= Association of Regular Baptist Churches =

The Association of Regular Baptist Churches was an Independent Baptist Christian denomination in Canada.

== History ==
One of its leading churches was Jarvis Street Baptist Church of Toronto, Ontario, whose well-known pastor of 45 years, Thomas Todhunter Shields (1873–1955), led fundamentalist forces in the Baptist Convention of Ontario and Quebec during the fundamentalist/modernist controversies in the first half of the 20th century.

Forerunners of the ARBC include the Union of Regular Baptist Churches, which was formed in 1928 in Hamilton, Ontario by 77 churches withdrawing from Ontario/Quebec Convention over the election of a liberal professor at McMaster University.

ARBC was a partner of the Toronto Baptist Seminary and Bible College, and The Gospel Witness.

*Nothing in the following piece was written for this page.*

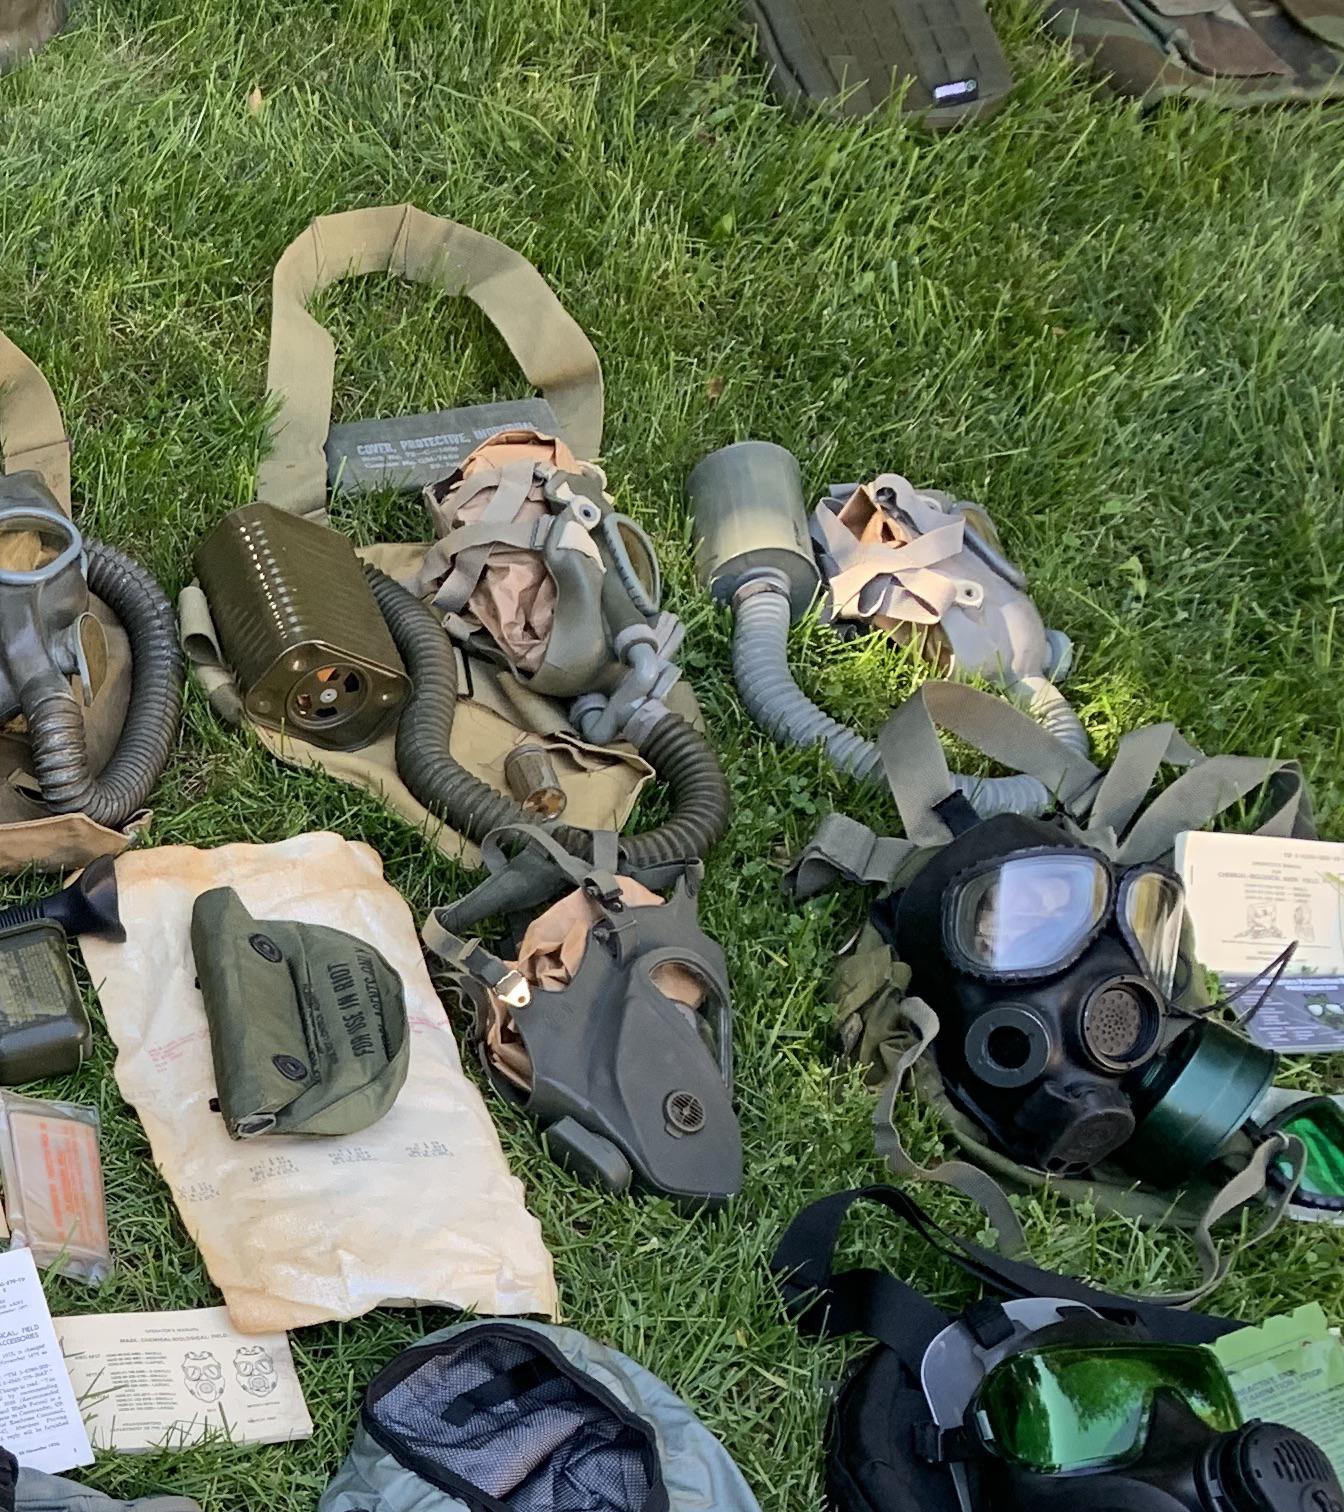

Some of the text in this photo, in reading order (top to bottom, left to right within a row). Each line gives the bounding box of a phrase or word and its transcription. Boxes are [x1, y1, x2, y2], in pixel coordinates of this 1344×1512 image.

[327, 963, 375, 1057] FOR USE IN RIOT
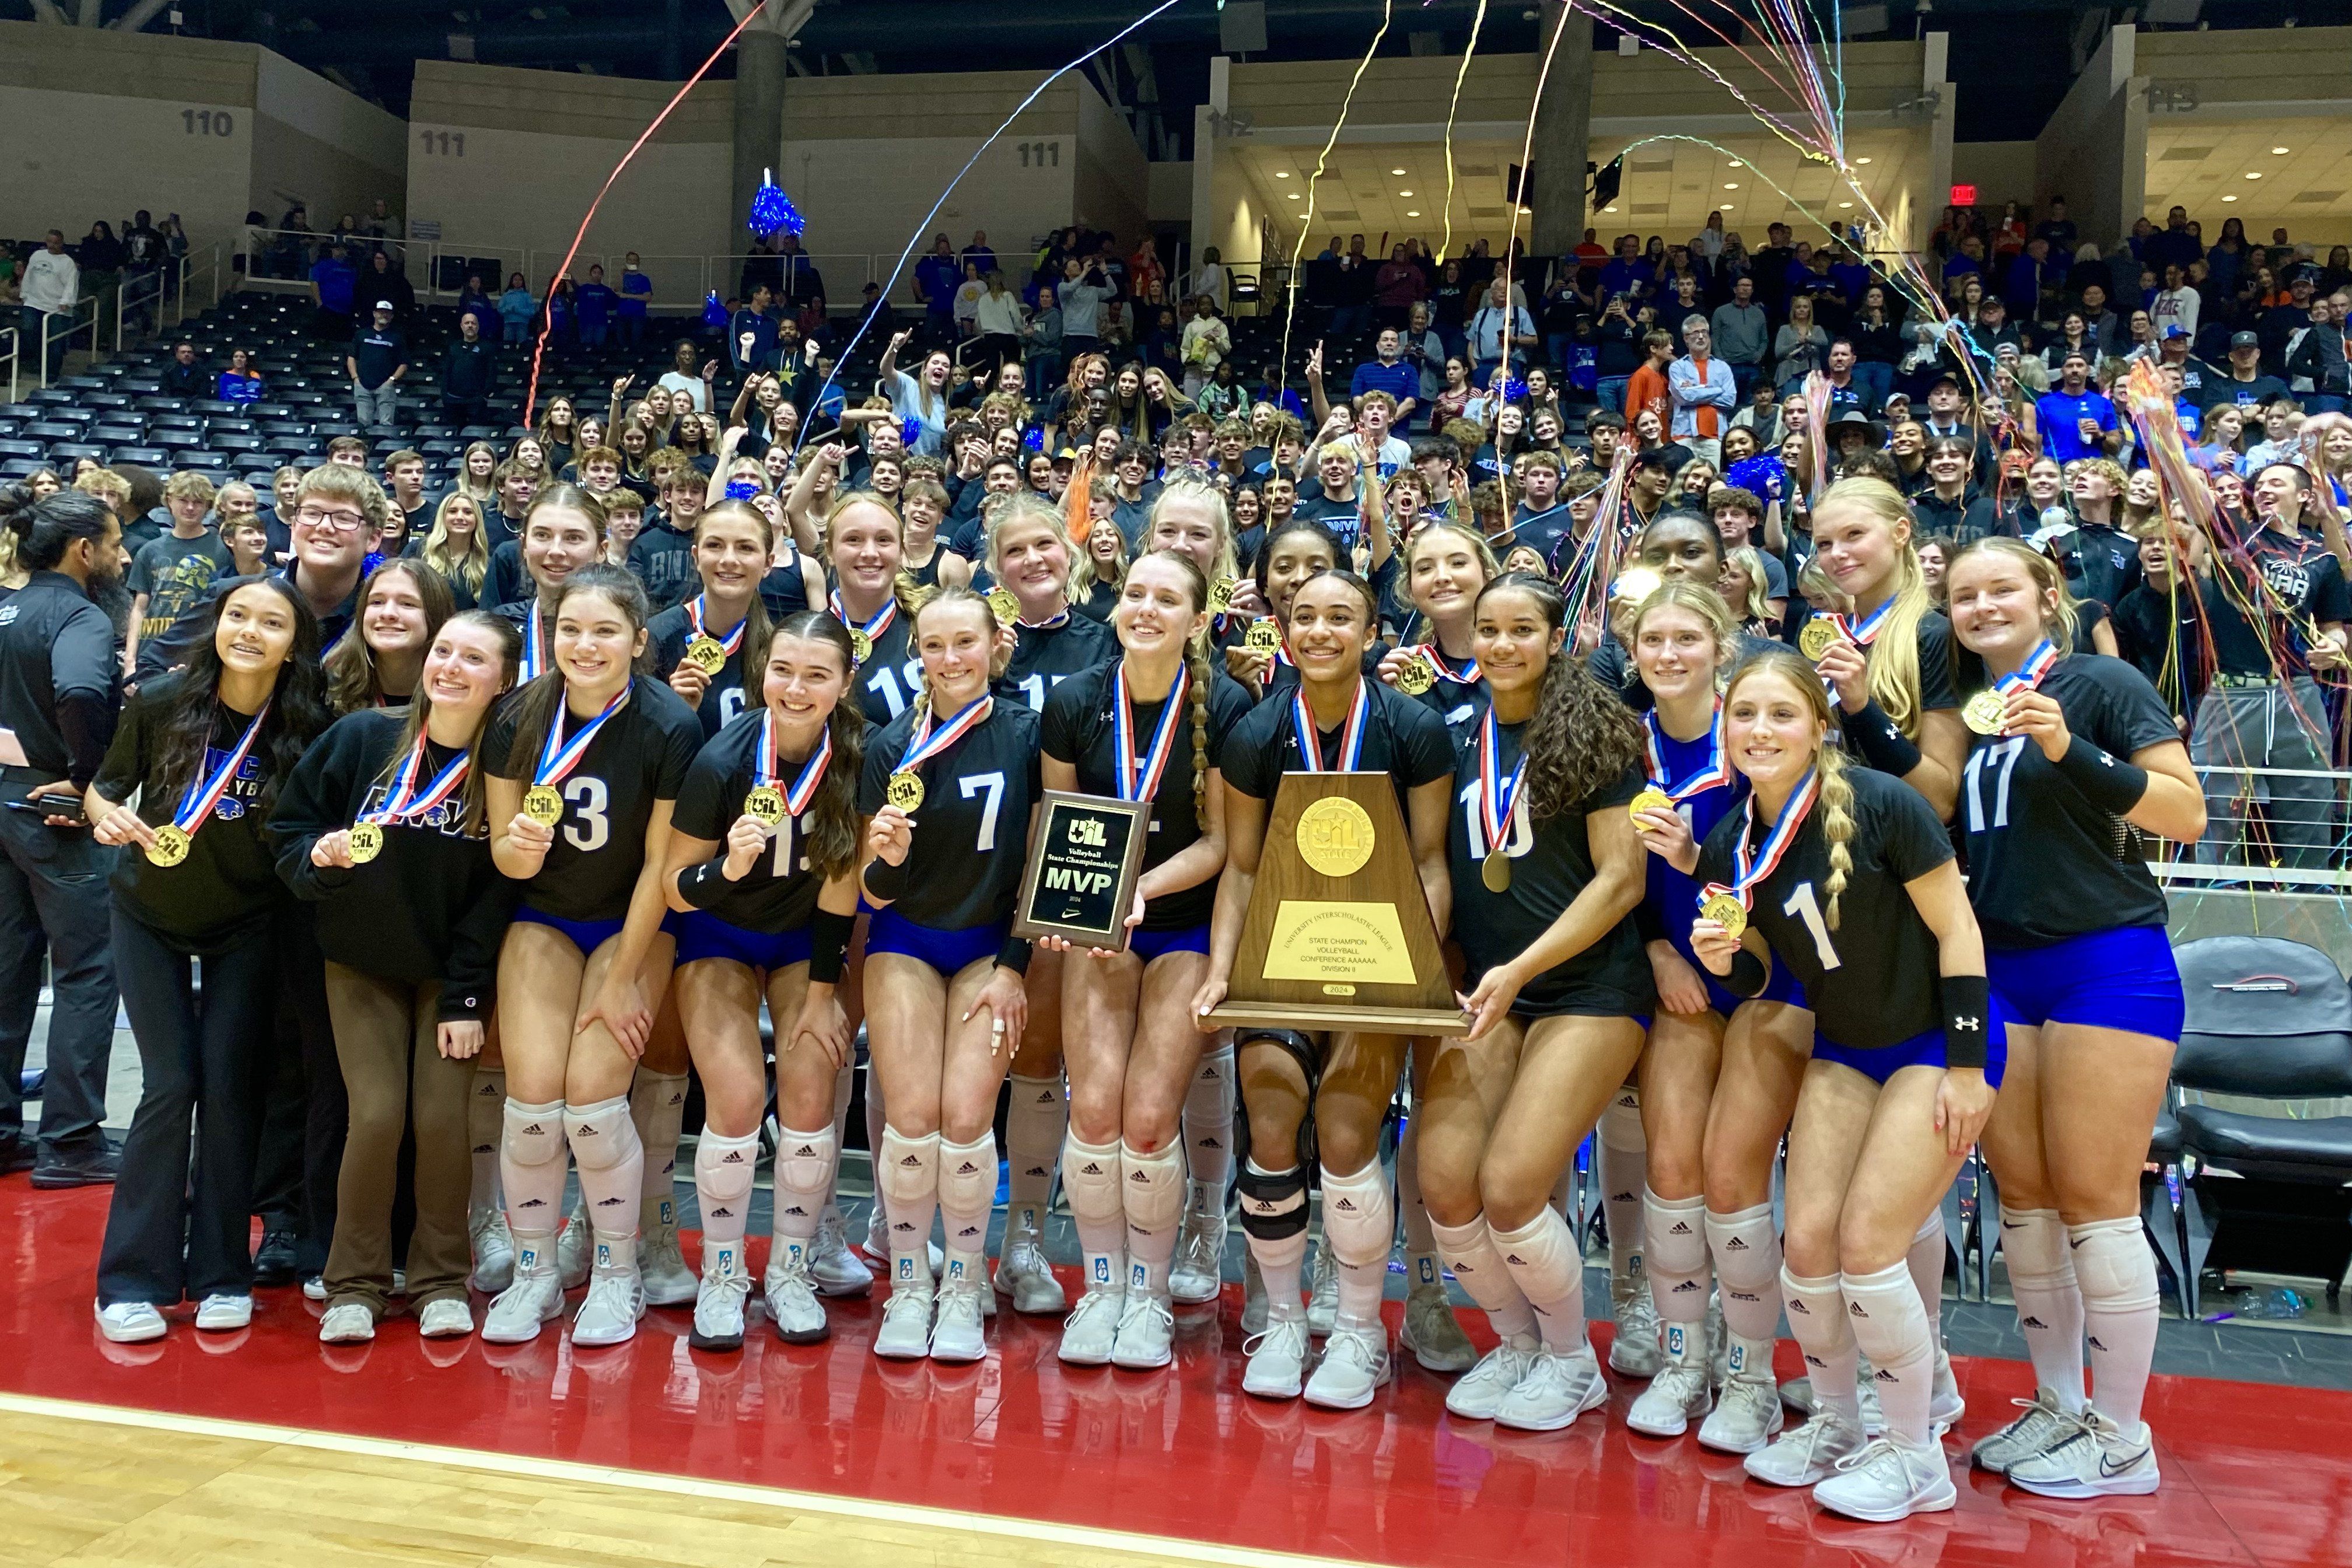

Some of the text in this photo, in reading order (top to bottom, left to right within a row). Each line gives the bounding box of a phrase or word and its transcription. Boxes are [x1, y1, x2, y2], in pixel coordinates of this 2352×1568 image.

In 2003, the ARBC had 10 churches (mostly in Ontario) with approximately 1500 members. In addition to these ten churches that were considered "recognized" members of the association, about 10 more were considered "supporting" churches.

The GARBC followed a "fellowship" model rather than a denominational model. Each member church was free to act independently in all matters. The home office of the GARBC held no controlling power over member churches. The purpose of the association is for fellowship between churches of like faith and practice.

The few member churches of the association became members of Sovereign Grace Fellowship of Canada, and the association ceased to exist at the beginning of the 2000s.